= Biosecure Act =

Bill of the 118th U.S. Congress

The Biosecure Act, or H.R. 8333, was a bill introduced during the 118th United States Congress that prohibits entities that receive federal funds from using biotechnology that is from a company associated with a U.S. foreign adversary. However, the bill was not included in the last legislation during the 118th United States Congress and as a result, it did not become law in 2024.

It became law in 2025 and in June 2026 the Department of Defense included WuXi AppTec in its list "1260H list" of “Chinese military companies” operating in the US.

== Bill summary ==
The Biosecure Act prohibits entities that receive federal funds from using biotechnology that is from a company associated with a foreign adversary.

Specifically, U.S. federal agencies and recipients of federal funds (e.g., grantees) may not procure or use any biotechnology equipment or service that is from a biotechnology company of concern and may not contract with any entities that do so. A biotechnology company of concern is defined in this bill as "an entity that is under the control of a foreign adversary and that poses a risk to national security based on its research or multiomic data collection (e.g., collection of genomic information)."

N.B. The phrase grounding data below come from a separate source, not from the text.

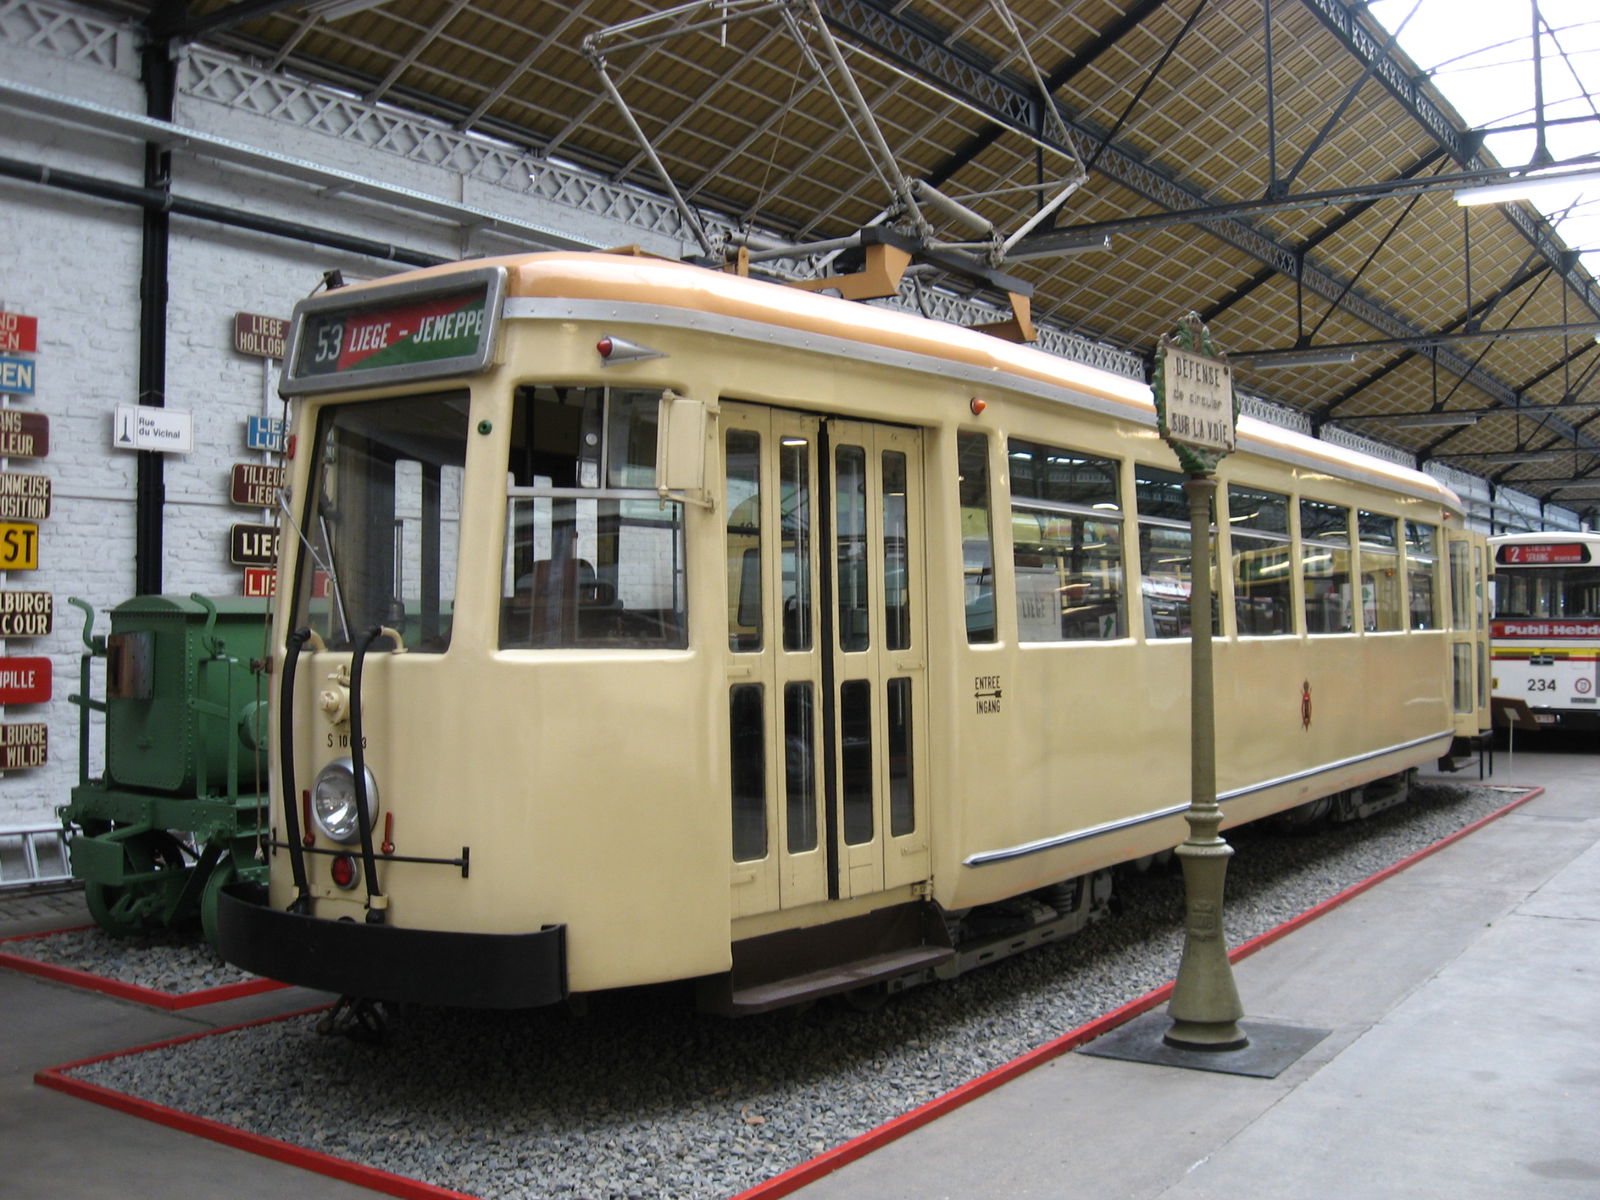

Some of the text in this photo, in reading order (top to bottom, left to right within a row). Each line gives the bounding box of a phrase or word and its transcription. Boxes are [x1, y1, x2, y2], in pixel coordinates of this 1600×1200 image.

[252, 315, 283, 338] LIEGE
[315, 324, 344, 362] 53
[350, 322, 392, 352] LIEGE
[413, 308, 485, 345] JEMEPPE
[0, 362, 32, 390] EN
[138, 417, 155, 427] Rue
[1172, 412, 1190, 435] SUR
[1193, 417, 1205, 439] LA
[138, 427, 181, 439] du Vicinal
[1, 494, 47, 519] OSITION
[4, 529, 35, 563] ST
[1511, 546, 1520, 562] 2
[2, 614, 48, 634] COUR
[1504, 624, 1600, 636] Publi-Hebd
[974, 675, 1001, 690] ENTREE
[1527, 678, 1556, 691] 234
[976, 699, 1001, 714] INGANG
[7, 744, 46, 767] WILDE
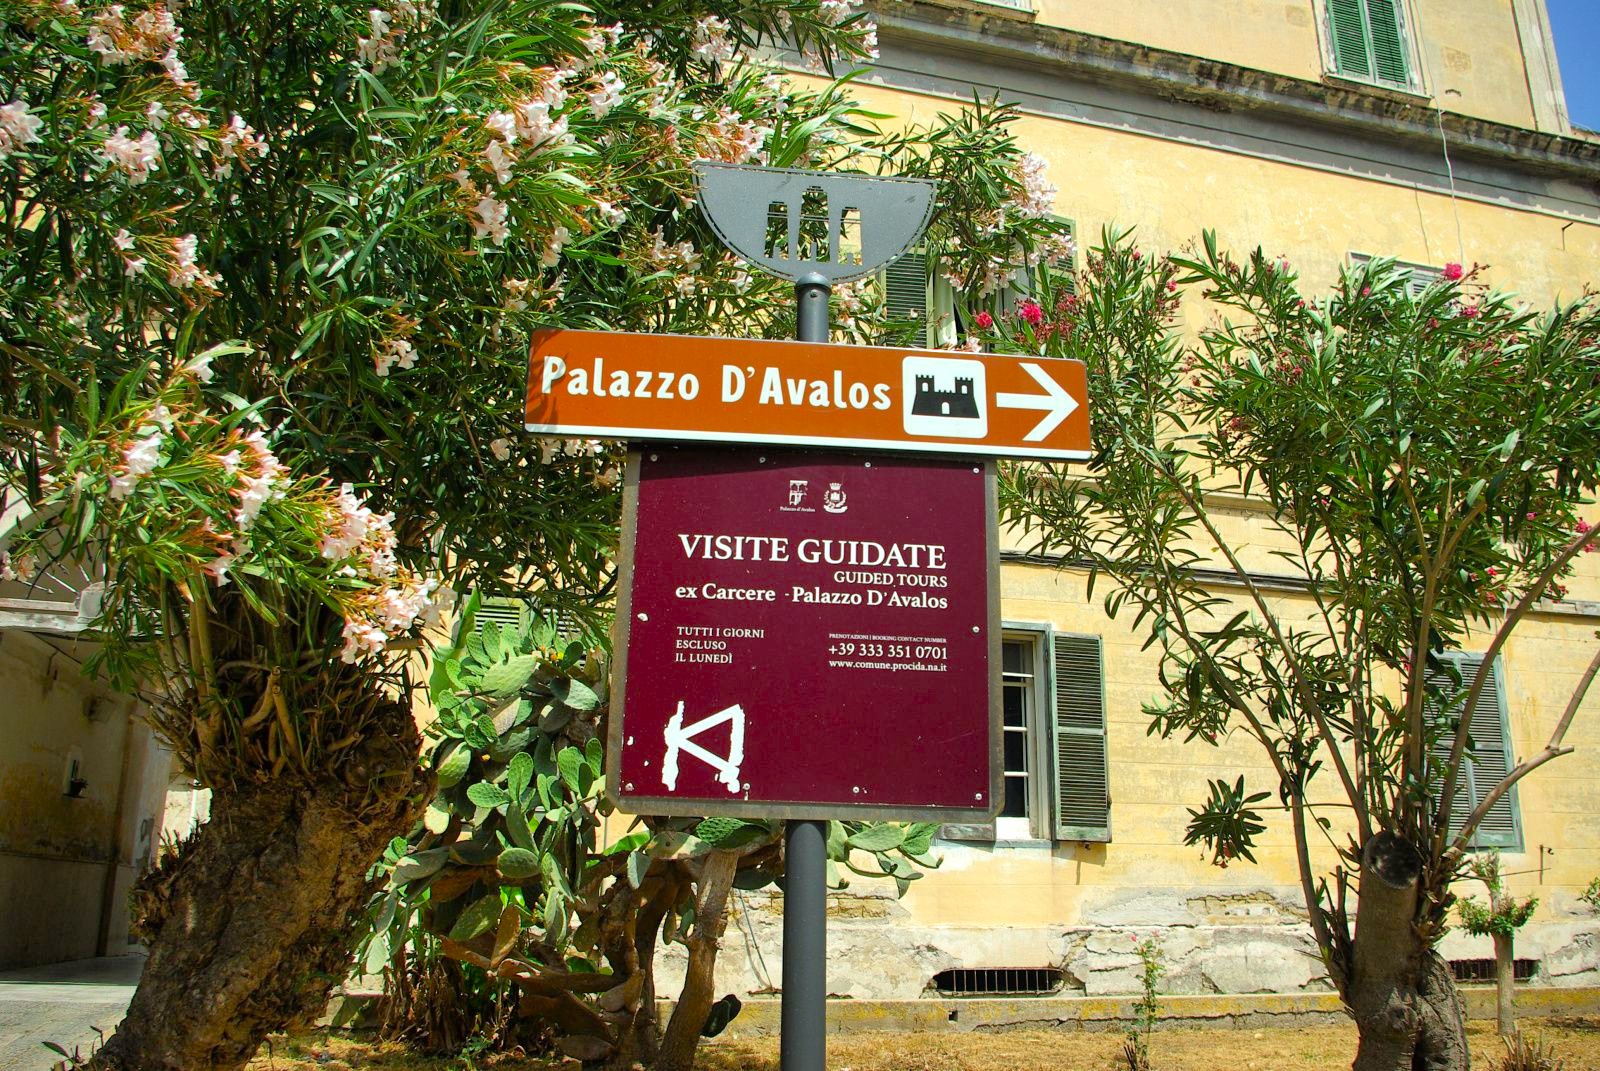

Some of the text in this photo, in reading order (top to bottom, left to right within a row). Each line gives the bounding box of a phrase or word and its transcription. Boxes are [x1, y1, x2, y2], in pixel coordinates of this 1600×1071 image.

[541, 355, 892, 411] Palazzo D'Avalos
[678, 533, 947, 569] VISITE GUIDATE
[834, 570, 947, 588] GUIDED TOURS
[675, 586, 697, 599] ex
[701, 583, 776, 601] Carcere
[792, 586, 862, 605] Palazzo
[866, 589, 948, 609] D'Avalos
[677, 626, 765, 638] TUTTI I GIORNI
[676, 640, 727, 650] ESCLUSO
[828, 643, 947, 660] +39 333 351 0701
[675, 652, 732, 664] IL LUNEDÌ
[829, 660, 947, 672] www.comune.procida.na.it

The Office of Management and Budget (OMB) must, in coordination with the Department of Defense (DOD) and other specified agencies, develop a list of prohibited companies; the list must include five particular companies, as specified in the bill. OMB and DOD may approve waivers of these restrictions on an as-needed basis, which are valid for up to one year and may be extended once for an additional 180 days.

In addition, the Office of the Director of National Intelligence must report on the national security risks posed by (1) multiomic data collection by foreign adversaries in connection with biotechnology equipment or services, and (2) biotechnology companies that have such data.

== Legislative support and activity ==
In May 2024, Representatives Brad Wenstrup and Raja Krishnamoorthy introduced H.R. 8333 in the U.S. House of Representatives. Upon introducing the legislation, the lawmakers said:"The Chinese Communist Party’s (CCP) national security laws require all Chinese firms to share any requested data with the CCP, including biotechnology companies that collect, test, and store American genomic data. Beijing Genomics Institute (BGI), a company in the People's Republic of China (PRC), has collected DNA from millions around the world and used that data without consent on genomic projects conducted by the Chinese military. Chinese company WuXi AppTec has sponsored events with China's military, reportedly stolen U.S. IP, and jointly operated genetic collection sites with China's military." Upon introduction, the bill was referred to the Committee on Oversight and Accountability. On May 15, 2024, the Committee advanced the bill in a 40–1 vote, demonstrating unusually high bipartisan support.

On September 9, 2024. the U.S. House passed the Biosecure Act by a vote of 306–81, well exceeding the two-thirds vote required to pass. The bill was then sent to the U.S. Senate and referred to the Committee on Homeland Security and Governmental Affairs.

In December 2024, WuXi AppTec announced that it would sell its Oxford Genetics and WuXi Advanced Therapies to a U.S.-based private equity firm, reportedly due to the Biosecure Act which is deterring potential clients.

It was re-introduced in 2025 as part of the National Defense Authorization Act for Fiscal Year 2026 and was signed into law on 18 December, 2025. In June 2026 the Department of Defense included WuXi AppTec in its list "1260H list" of “Chinese military companies” operating in the US.